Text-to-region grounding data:
★ ★ ★ ★

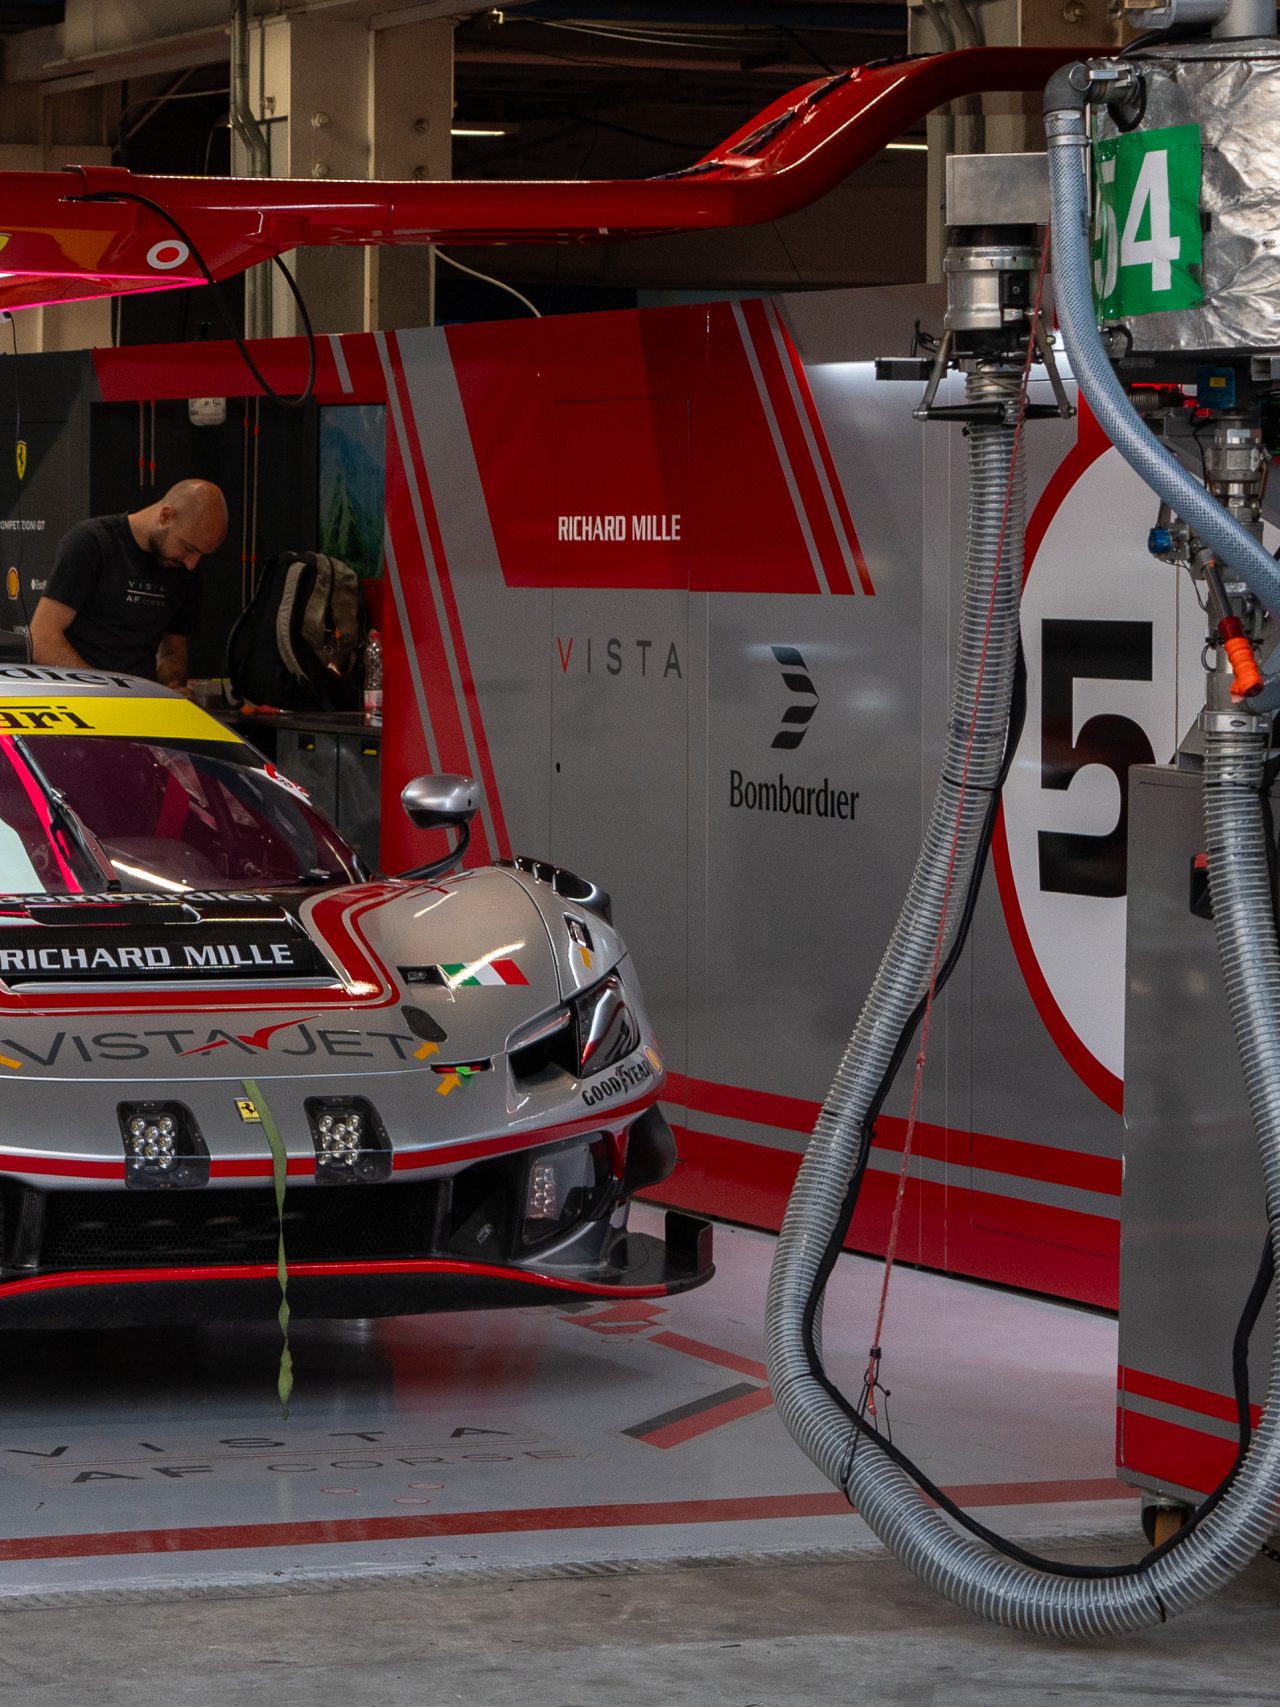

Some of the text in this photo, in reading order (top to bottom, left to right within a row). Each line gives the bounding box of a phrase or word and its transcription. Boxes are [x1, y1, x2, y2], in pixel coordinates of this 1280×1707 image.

[558, 514, 681, 541] RICHARD MILLE
[128, 580, 166, 592] VISA
[556, 637, 682, 679] VISTA
[1037, 618, 1157, 898] 5
[729, 769, 860, 820] Bombardier
[0, 944, 294, 972] RICHARD MILLE
[1, 1014, 416, 1067] VISTAJET
[581, 1060, 651, 1107] GOODYEAR
[4, 1426, 515, 1459] VISTA
[70, 1448, 577, 1484] AF CORSE
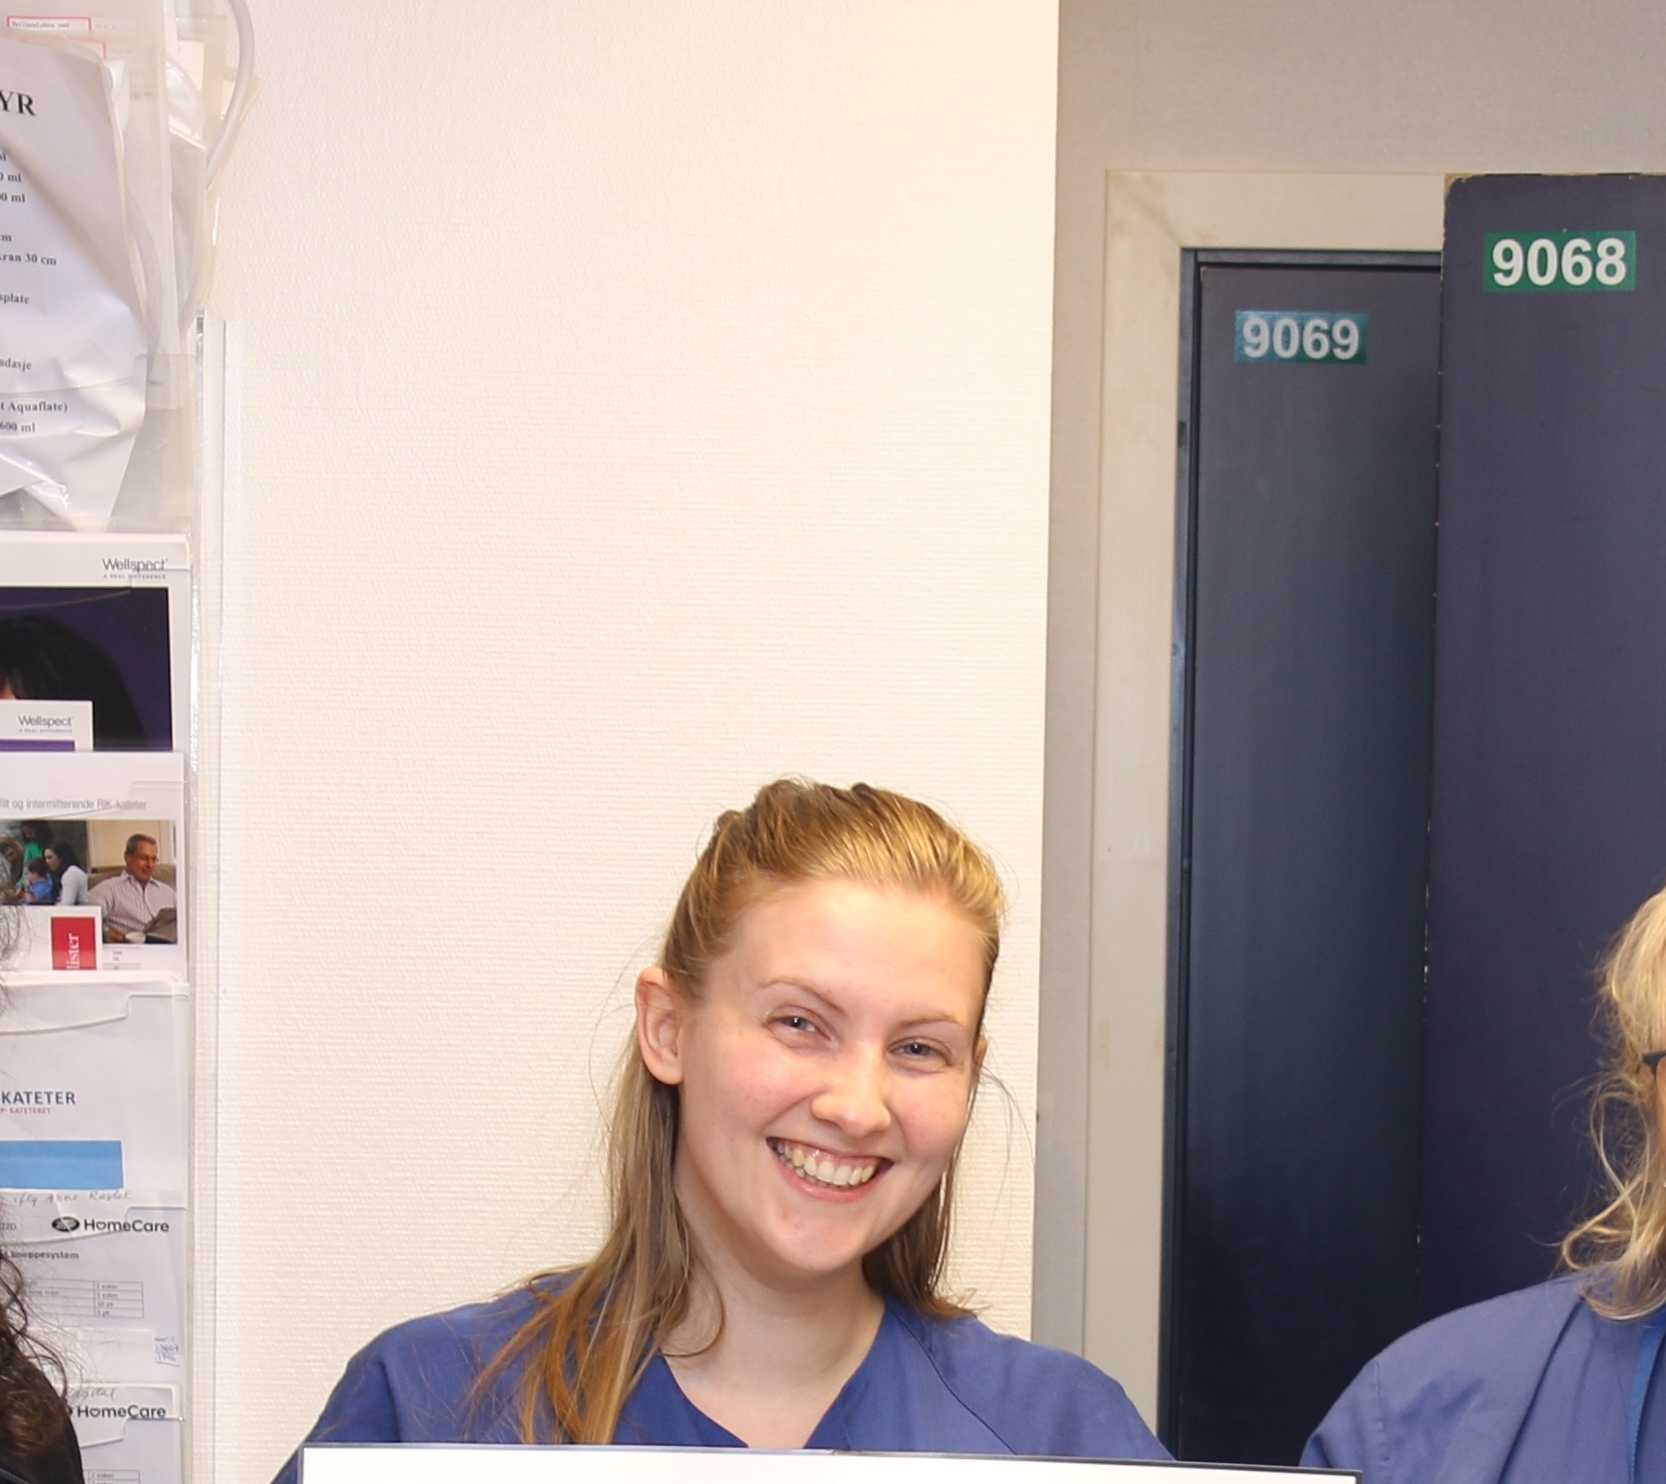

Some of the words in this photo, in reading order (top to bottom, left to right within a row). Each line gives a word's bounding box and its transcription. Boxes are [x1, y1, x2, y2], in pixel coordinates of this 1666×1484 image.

[8, 172, 22, 183] ml
[11, 193, 25, 203] ml
[25, 254, 38, 263] 30
[41, 256, 57, 266] cm
[1491, 237, 1628, 287] 9068
[1241, 316, 1360, 360] 9069
[8, 400, 68, 414] Aquaflate)
[0, 421, 18, 432] 600
[21, 422, 35, 432] ml
[102, 558, 166, 572] Wellspect
[18, 715, 72, 727] Wellspect
[84, 1219, 169, 1232] HomeCare
[77, 1405, 166, 1418] HomeCare

★ ★ ★ ★

### [What needs to be done]
Each entry is to be returned precisely as it appears, but the pictures are to be dropped.

### [Completed task]
Some of the text in this photo, in reading order (top to bottom, left to right within a row). Each line gives the bounding box of a phrase or word and its transcription. Boxes are [x1, y1, x2, y2], in pixel coordinates of this 1280×1707 image.

[558, 514, 681, 541] RICHARD MILLE
[128, 580, 166, 592] VISA
[556, 637, 682, 679] VISTA
[1037, 618, 1157, 898] 5
[729, 769, 860, 820] Bombardier
[0, 944, 294, 972] RICHARD MILLE
[1, 1014, 416, 1067] VISTAJET
[581, 1060, 651, 1107] GOODYEAR
[4, 1426, 515, 1459] VISTA
[70, 1448, 577, 1484] AF CORSE

Some of the words in this photo, in reading order (top to bottom, left to right within a row). Each line gives a word's bounding box and its transcription. Boxes are [x1, y1, x2, y2], in pixel coordinates of this 1666×1484 image.

[8, 172, 22, 183] ml
[11, 193, 25, 203] ml
[25, 254, 38, 263] 30
[41, 256, 57, 266] cm
[1491, 237, 1628, 287] 9068
[1241, 316, 1360, 360] 9069
[8, 400, 68, 414] Aquaflate)
[0, 421, 18, 432] 600
[21, 422, 35, 432] ml
[102, 558, 166, 572] Wellspect
[18, 715, 72, 727] Wellspect
[84, 1219, 169, 1232] HomeCare
[77, 1405, 166, 1418] HomeCare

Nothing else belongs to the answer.